Data: 2008-02-04 08:59:57
Temat: Re: Wyjscie z/bez meza [cd]
Od: Lolalny Lemur <shure1@nospam_o2.pl>
Pokaż wszystkie nagłówki
Jagna W. pisze:
>> Nie rozumiesz :). Mój mąż nie chodził na spotkania psd bo nie chciał.
>> A nie dlatego, że miał zakaz przyjścia.
>
> A nie pomyślałaś, że gdyby jednak przyszedł, to pozostałym uczestniczkom
> byłoby cokolwiek krępująco?
Nie. Ale już wiem, że MOLNARka nawet jego mignięcie w drzwiach uznałaby
za buractwo, więc narzucać się nie będziemy.
> Założywszy oczywiście, że kompletnie go nie znają.
Błędne założenie, również w przypadku MOLNARki.
> Wiesz, to mi trochę przypomina sytuację, gdy zapraszasz znajomych na
> Sylwka, a oni przyprowadzają ze sobą kuzyna z żoną (których kompletnie
> nie znasz), bo akurat przyjechali do Was na święta.

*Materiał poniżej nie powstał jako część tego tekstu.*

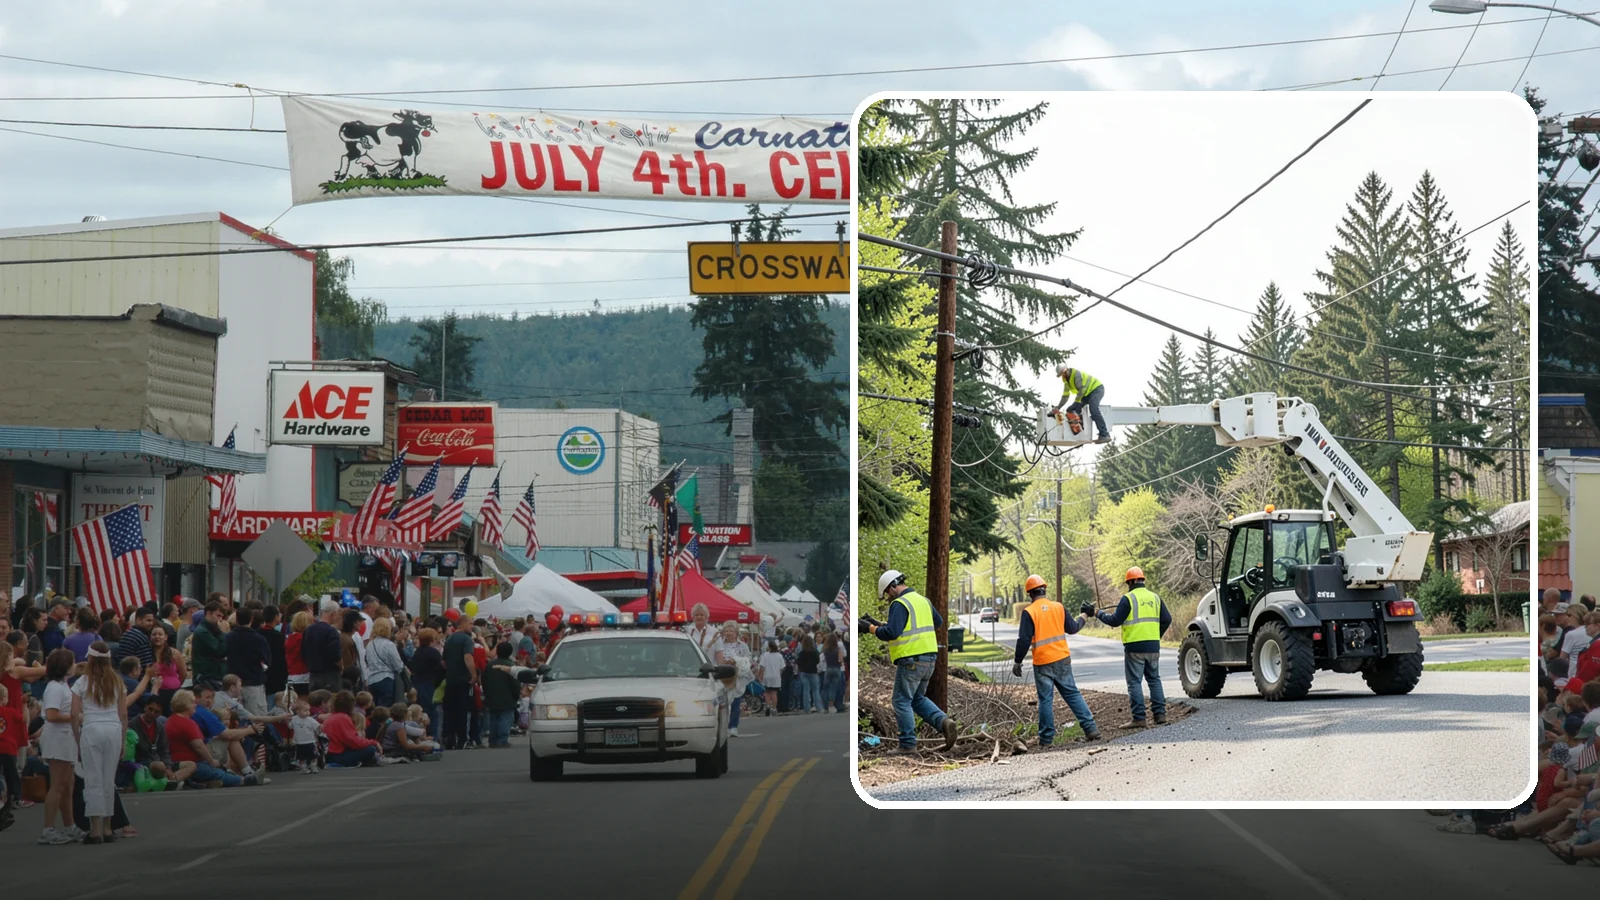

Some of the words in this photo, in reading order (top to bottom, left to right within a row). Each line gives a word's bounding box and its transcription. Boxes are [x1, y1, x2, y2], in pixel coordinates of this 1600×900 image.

Po uprzednim upewnieniu się nie widzę w tym nic złego.
> Niby nic się nie
> dzieje, niby to rodzina znajomych, niby Sylwek to czas zabawy i
> szaleństwa, ale jakiś niesmak pozostaje.
U mnie niesmak by pozostał w wypadku zostawienia kuzynowstwa samego w
domu. Tudziez w przypadku odmowy wpuszczenia ich na imprezę.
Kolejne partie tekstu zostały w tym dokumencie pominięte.